Could you retype the entries below exactly, omitting every picture?

BEGIN GIVEN INFORMATION

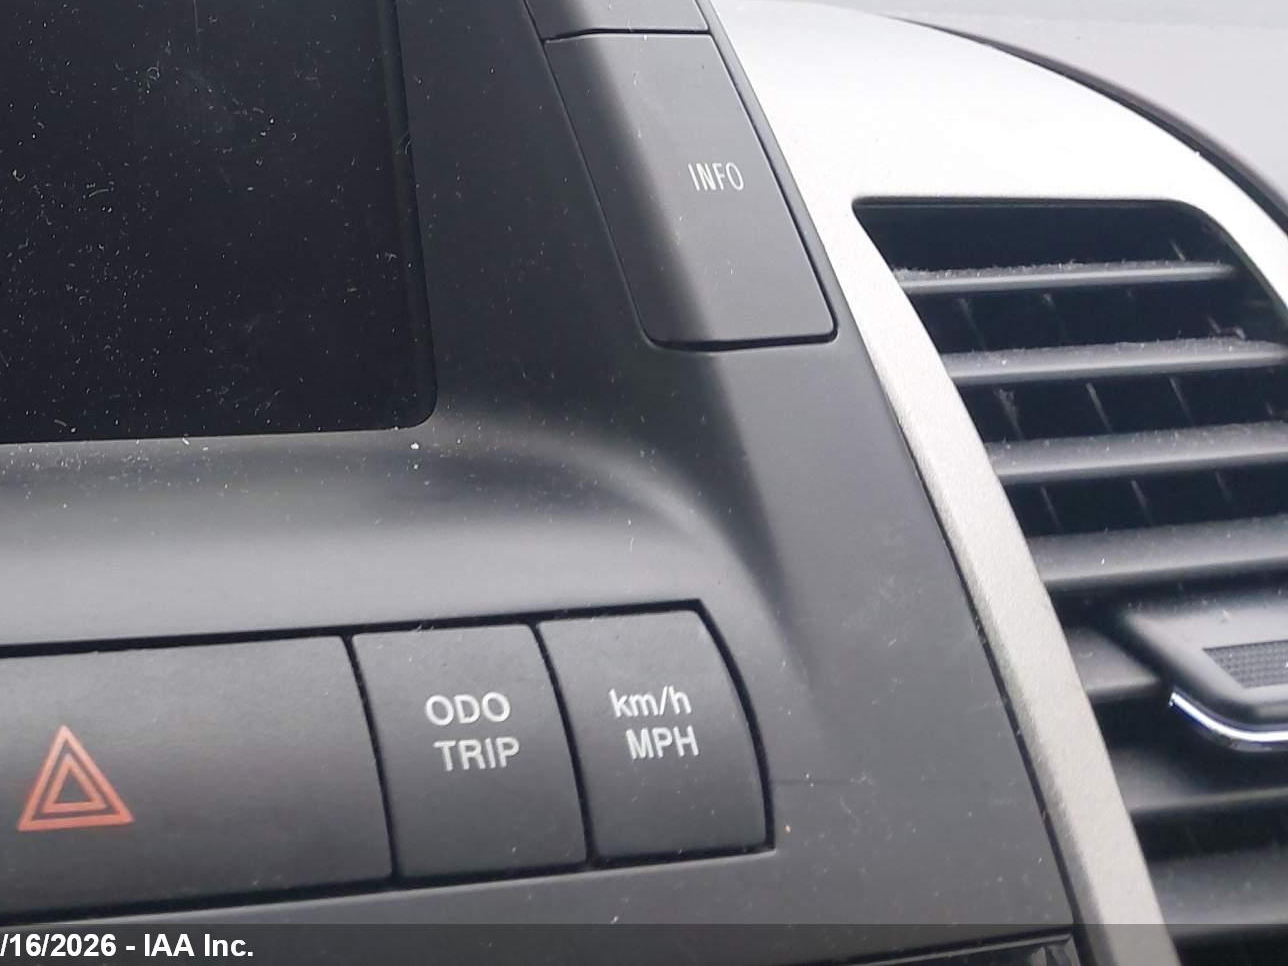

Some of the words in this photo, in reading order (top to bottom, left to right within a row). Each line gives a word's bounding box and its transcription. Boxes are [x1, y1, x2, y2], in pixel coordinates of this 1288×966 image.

[687, 161, 744, 191] INFO
[425, 691, 511, 726] ODO
[608, 685, 692, 718] km/h
[433, 736, 520, 771] TRIP
[625, 724, 699, 760] MPH

END GIVEN INFORMATION

EXERCISE SOLUTION →
Some of the words in this photo, in reading order (top to bottom, left to right within a row). Each line gives a word's bounding box and its transcription. Boxes are [x1, y1, x2, y2], in pixel coordinates of this 1288×966 image.

[687, 161, 744, 191] INFO
[425, 691, 511, 726] ODO
[608, 685, 692, 718] km/h
[433, 736, 520, 771] TRIP
[625, 724, 699, 760] MPH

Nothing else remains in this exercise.